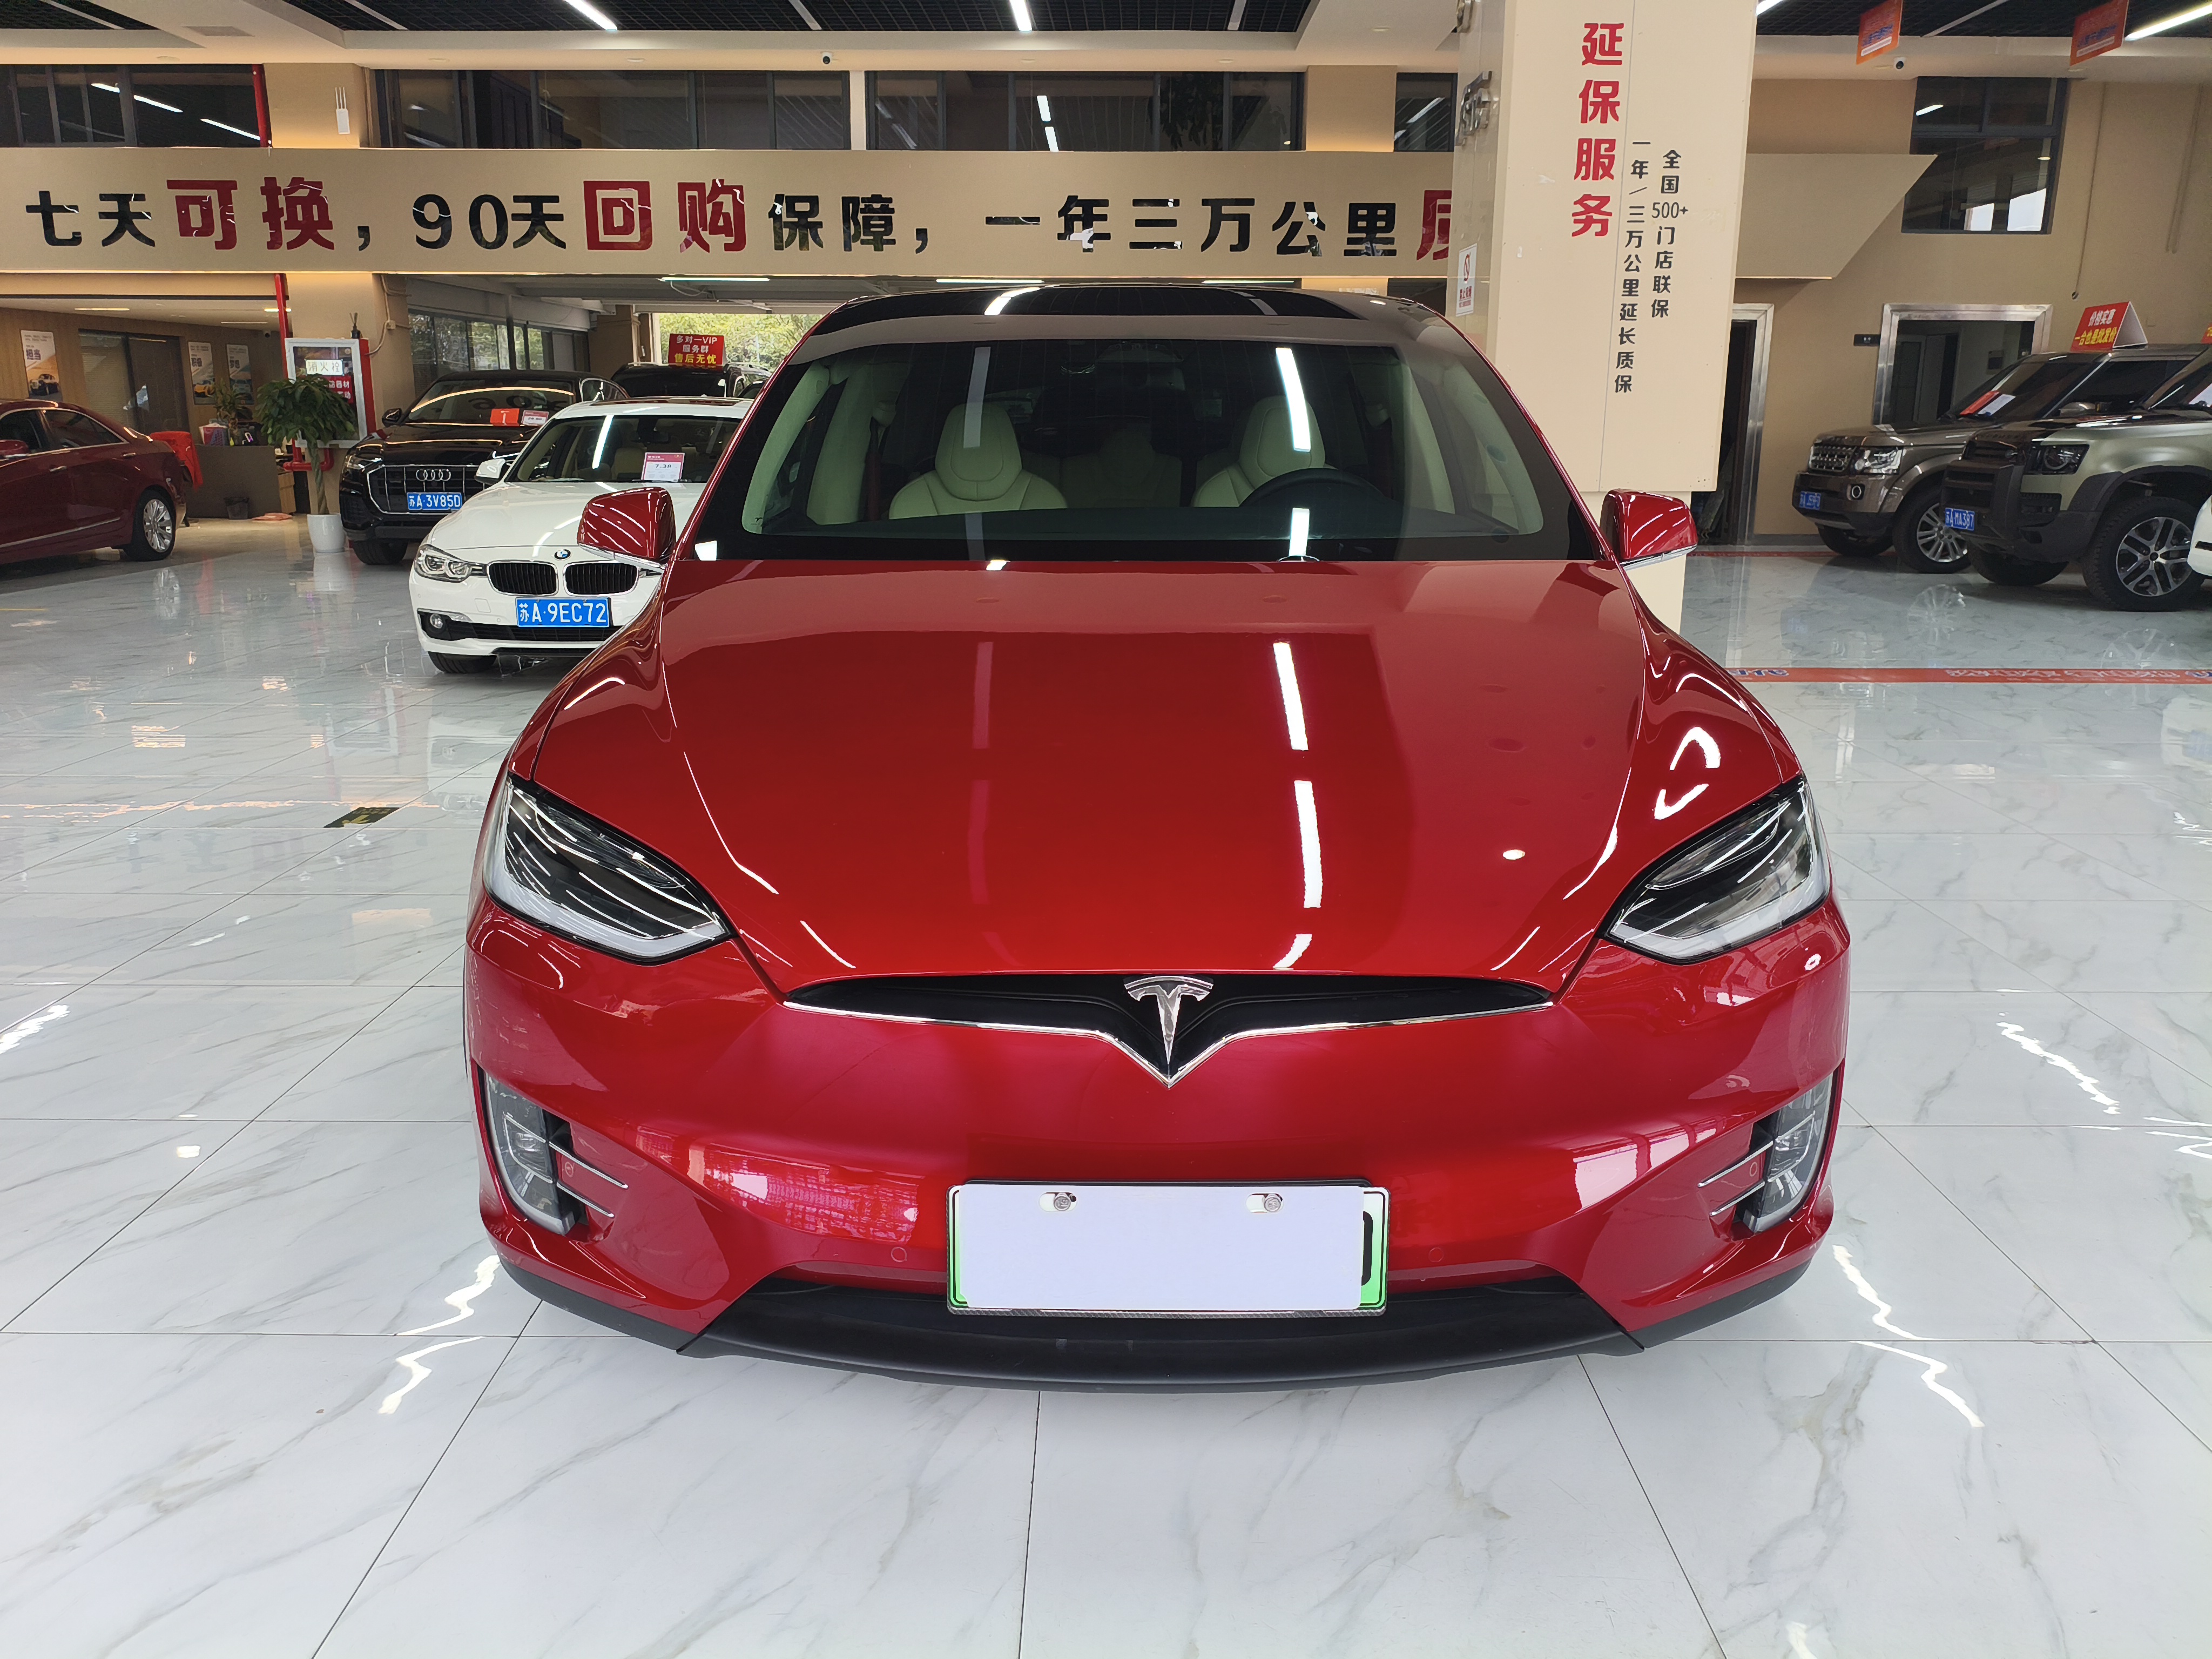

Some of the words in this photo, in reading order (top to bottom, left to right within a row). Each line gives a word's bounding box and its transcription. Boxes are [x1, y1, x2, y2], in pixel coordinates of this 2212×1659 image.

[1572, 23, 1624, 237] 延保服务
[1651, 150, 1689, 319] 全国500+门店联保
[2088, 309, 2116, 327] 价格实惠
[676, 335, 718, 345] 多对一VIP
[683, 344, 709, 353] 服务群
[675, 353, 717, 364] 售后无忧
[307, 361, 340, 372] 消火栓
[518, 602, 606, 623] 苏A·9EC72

---*---

▸ **Exercise prompt**
The response should be the full material, repeated exactly, with images removed.

▸ **Response**
Some of the words in this photo, in reading order (top to bottom, left to right within a row). Each line gives a word's bounding box and its transcription. Boxes are [x1, y1, x2, y2], in pixel coordinates of this 2212×1659 image.

[1572, 23, 1624, 237] 延保服务
[1651, 150, 1689, 319] 全国500+门店联保
[2088, 309, 2116, 327] 价格实惠
[676, 335, 718, 345] 多对一VIP
[683, 344, 709, 353] 服务群
[675, 353, 717, 364] 售后无忧
[307, 361, 340, 372] 消火栓
[518, 602, 606, 623] 苏A·9EC72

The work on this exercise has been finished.